Magnetic nanoparticles in the shape of a cube sandwiched between two pyramids represent a breakthrough for treating ovarian tumors and possibly other types of cancer, say researchers.

Oregon State University researchers say the study underscores the importance of shape in magnetic nanoparticle design and that the findings will potentially revolutionise treatments that use heat to damage or kill cancer cells.

“With currently available magnetic nanoparticles, the required therapeutic temperatures – above 44^oC – can only be achieved by direct injection,” said Oleh Taratula, professor of pharmaceutical sciences and senior author of the latest study.

“And those nanoparticles have only moderate heating efficiency, which means you need a high concentration of them in the tumor – higher than systemic administration can usually achieve – to generate enough heat.”
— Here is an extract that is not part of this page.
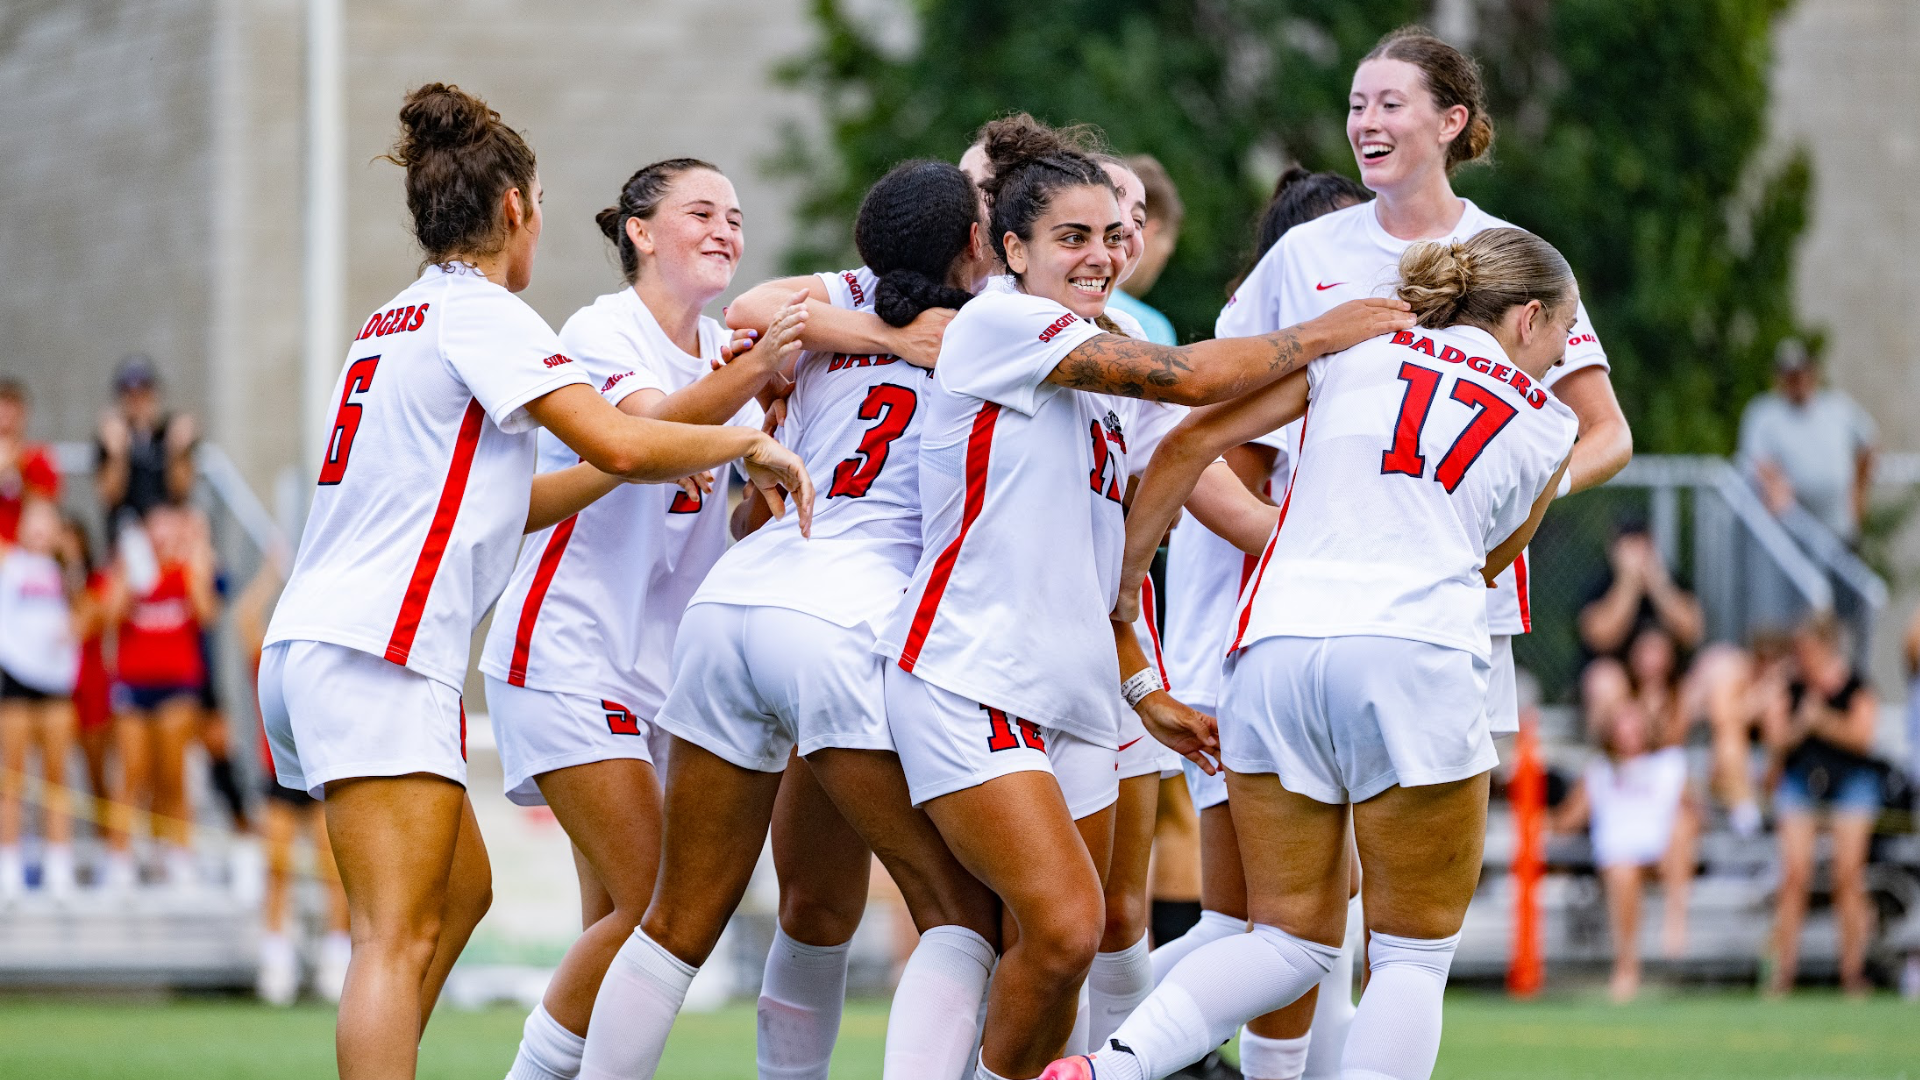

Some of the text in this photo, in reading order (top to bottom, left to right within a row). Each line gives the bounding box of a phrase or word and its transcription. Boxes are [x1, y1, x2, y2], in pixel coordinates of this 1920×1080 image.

The new nanoparticles show exceptional heating efficiency when exposed to an alternating magnetic field. When the particles accumulate in cancerous tissue after intravenous injection, they’re able to quickly rise to temperatures that weaken or destroy cancer cells.

That means an ovarian cancer patient could receive an intravenous injection and have her tumor stop growing following one 30-minute, non-invasive magnetic field session.

Because the particles’ heating efficiency is so strong, the necessary concentration of nanoparticles can be achieved without a high dosage, limiting toxicity and side effects.